AmiSight 1/26: Are You Taking Advantage of Rising Interest Rates?
A recent story in the Wall Street Journal claimed that Americans bypassed $42 billion of potential earnings in the third quarter alone last year by standing put on their savings accounts. Dating back to 2019, that number jumps to $219 billion lost, and going back to the start of 2014 — when the FDIC started tracking consumer deposits in money-market and other savings accounts— it's a cool $602 billion, collectively.
The reason is simple. Individually, those numbers aren't as punitive, so folks tend to leave their savings where they are – in most cases, the five largest U.S. banks by deposits. Not surprisingly, none of those banks offer an interest yield that would rank near the top. To find that, savers need to become consumers, and in most cases, the money to be made is deemed not worth the effort.
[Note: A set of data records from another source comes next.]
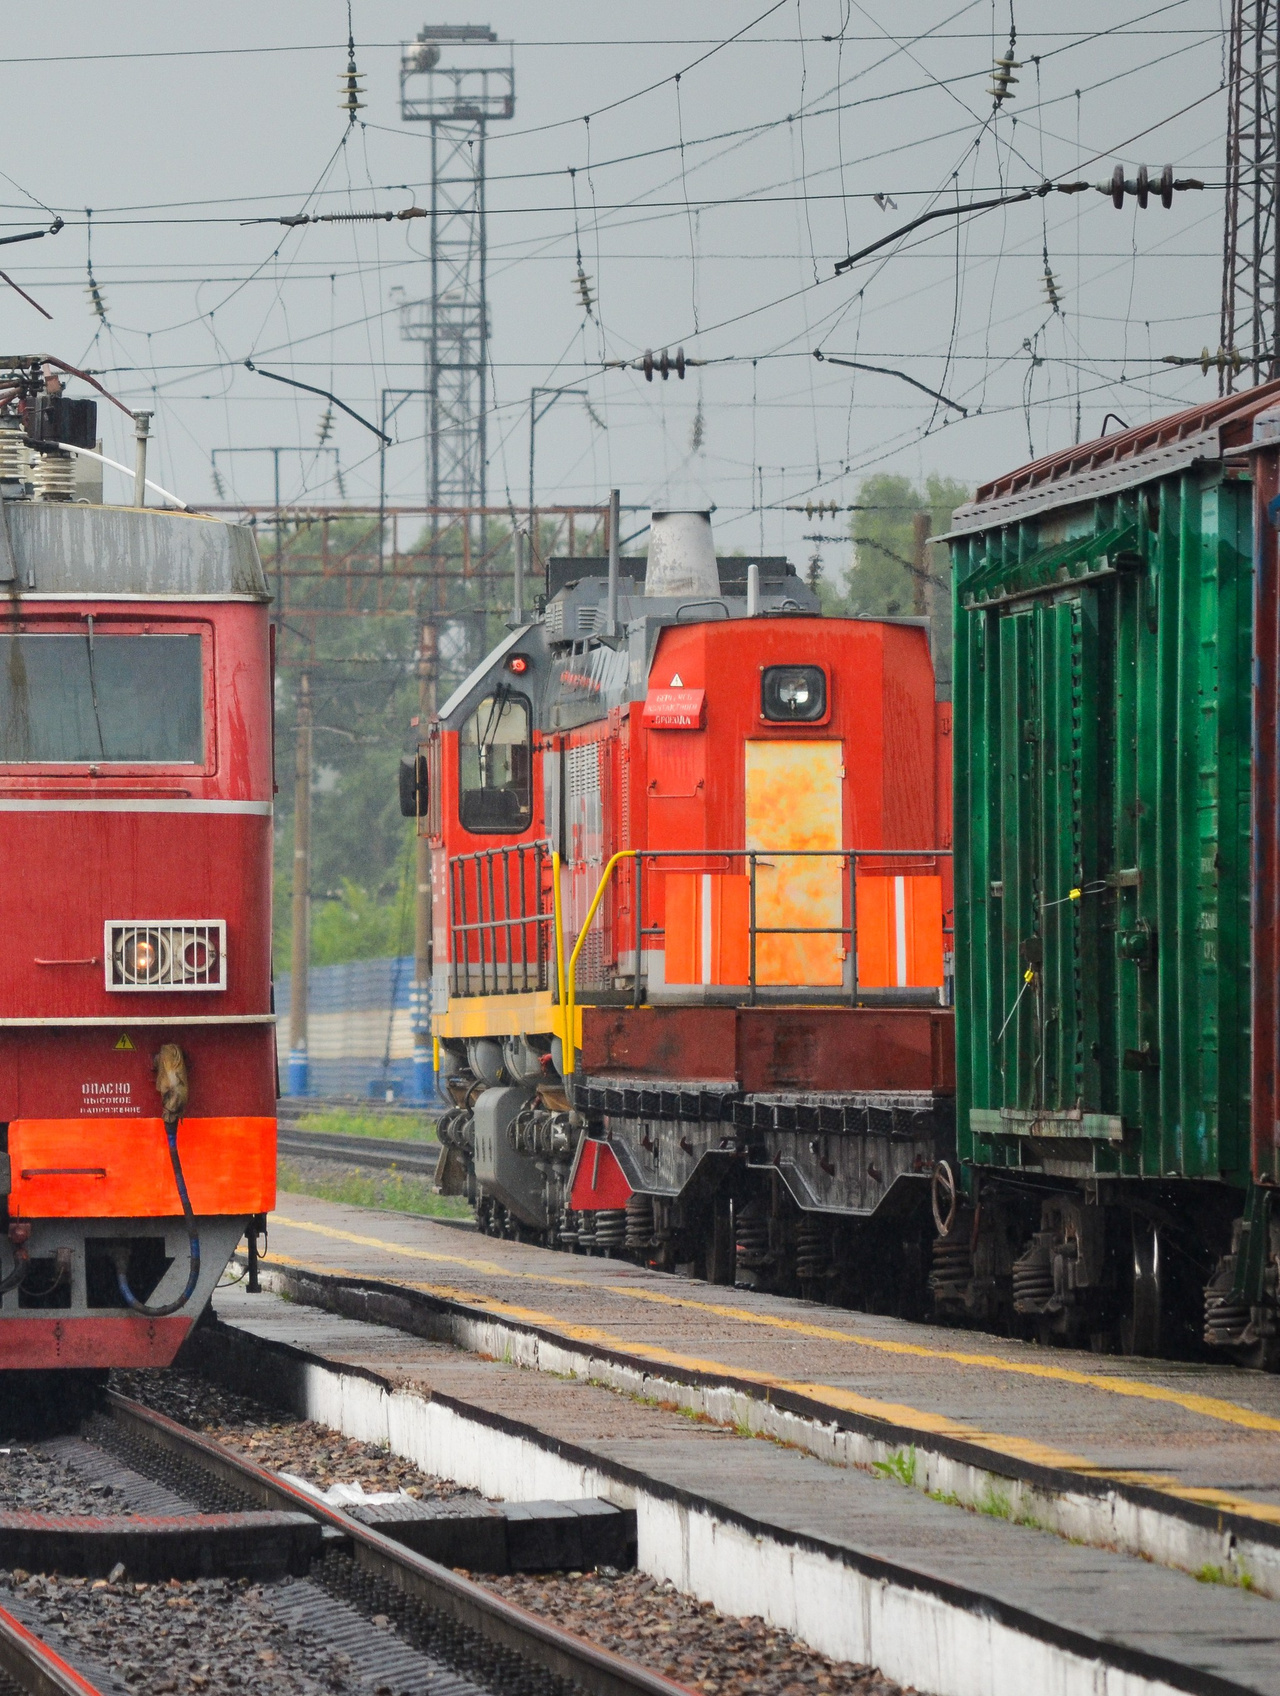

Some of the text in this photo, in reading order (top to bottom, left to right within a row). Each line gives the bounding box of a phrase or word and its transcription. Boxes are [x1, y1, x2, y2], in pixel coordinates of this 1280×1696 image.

[81, 1082, 131, 1095] ОПАСНО
[83, 1096, 132, 1105] ВЫСОКОЕ
[80, 1106, 141, 1114] НАПРЯЖЕНИЕ
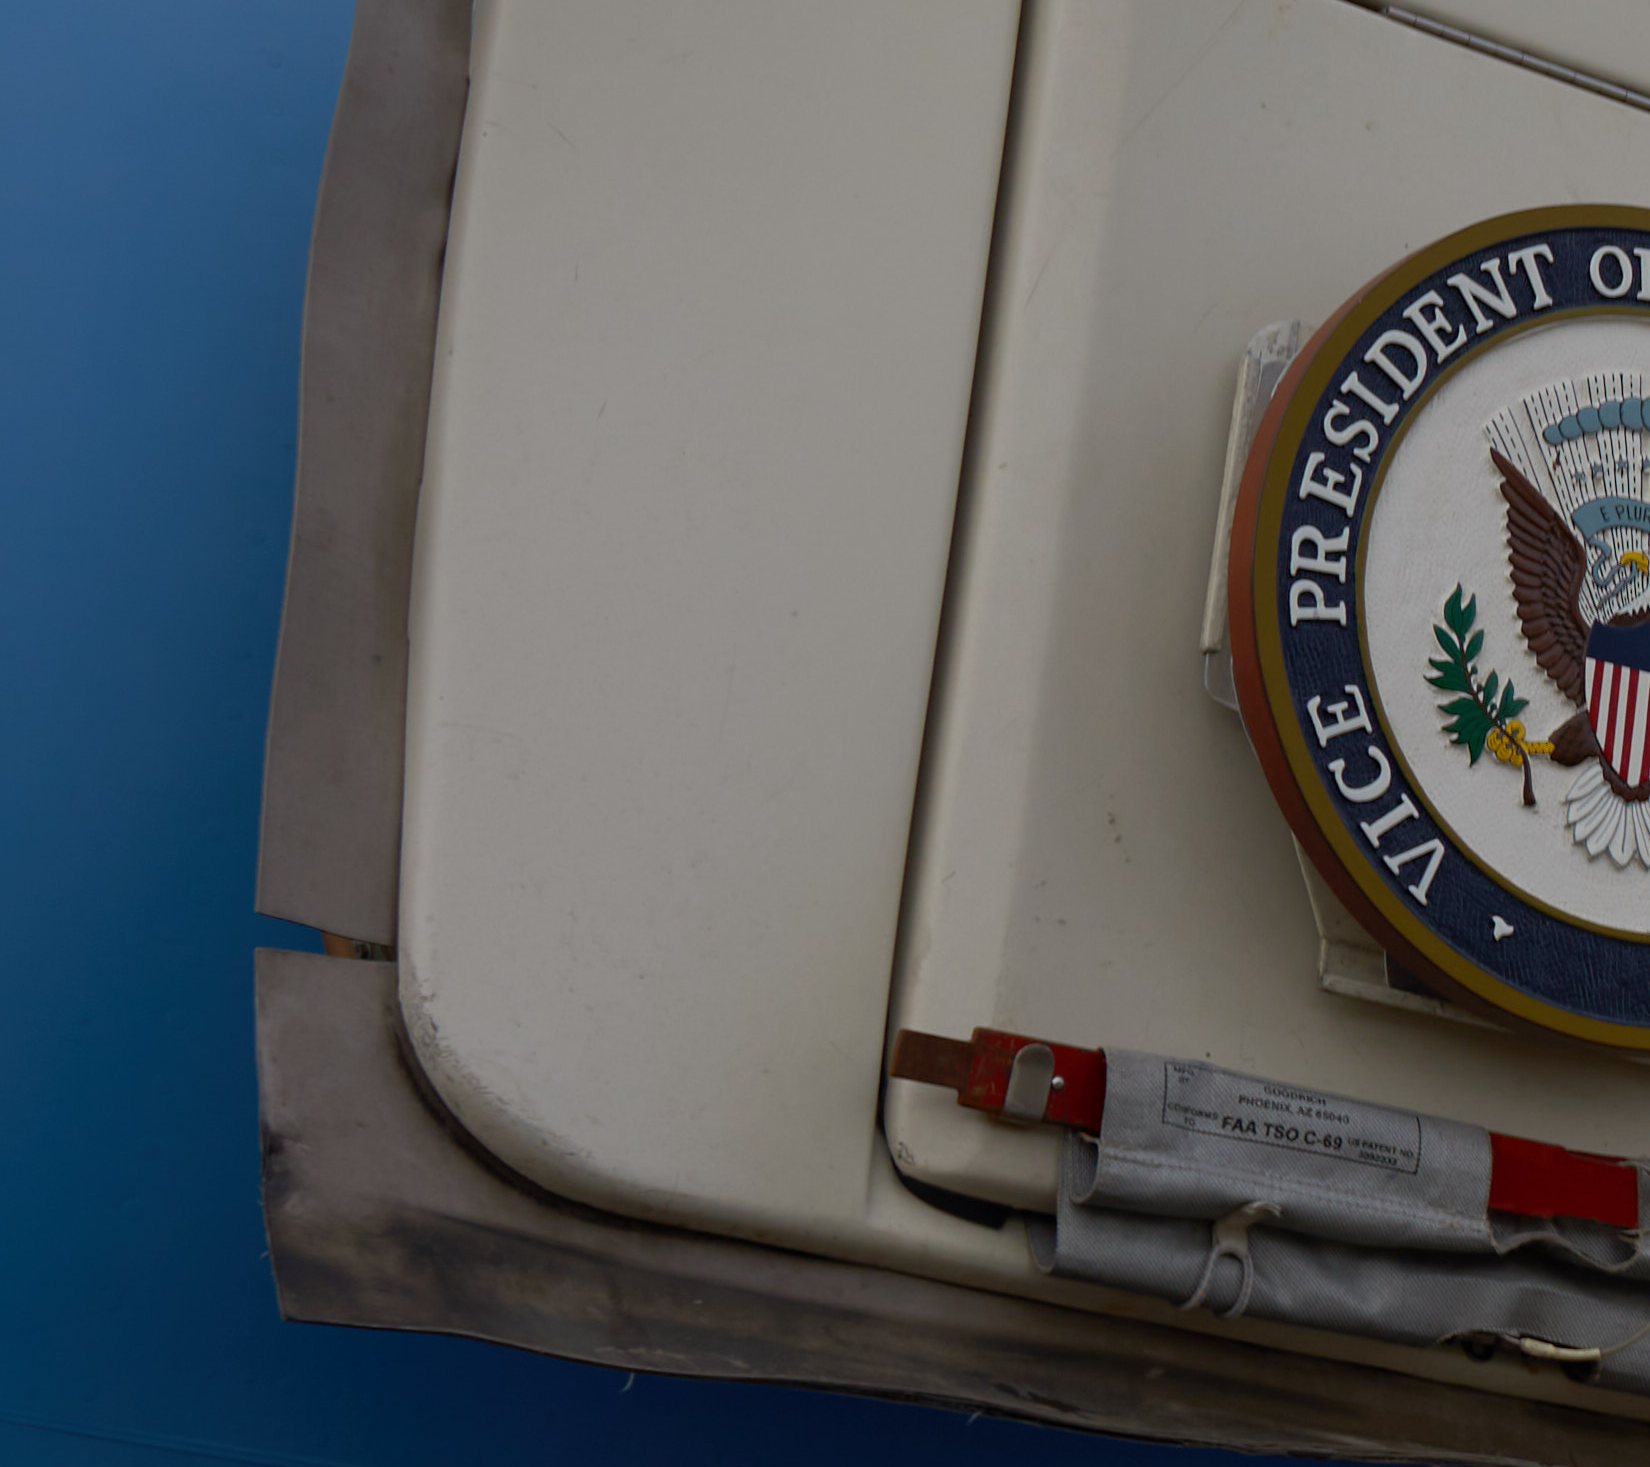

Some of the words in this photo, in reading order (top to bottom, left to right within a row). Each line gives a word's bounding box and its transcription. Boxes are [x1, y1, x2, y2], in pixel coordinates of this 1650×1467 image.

[1289, 243, 1556, 628] PRESIDENT
[1599, 506, 1611, 523] E
[1308, 684, 1449, 907] VICE
[1296, 1104, 1313, 1118] AZ
[1221, 1116, 1257, 1135] FAA
[1263, 1123, 1299, 1142] TSO
[1303, 1131, 1344, 1150] C-69
Is it? If you only have $1,000 in savings, the difference between a 0.4 percent interest and 2.14 percent could be less than $20 annually. Even more, than $10,000 may be needed to move you. Especially since rates at those major banks have been slowly rising anyway.
More products are available to save with than just a traditional savings account. As the article notes, folks are investing in higher-yielding products like Series I savings bonds and Treasury bills more than ever.
That seems to be the way to go if you’re sure those savings will be needed soon.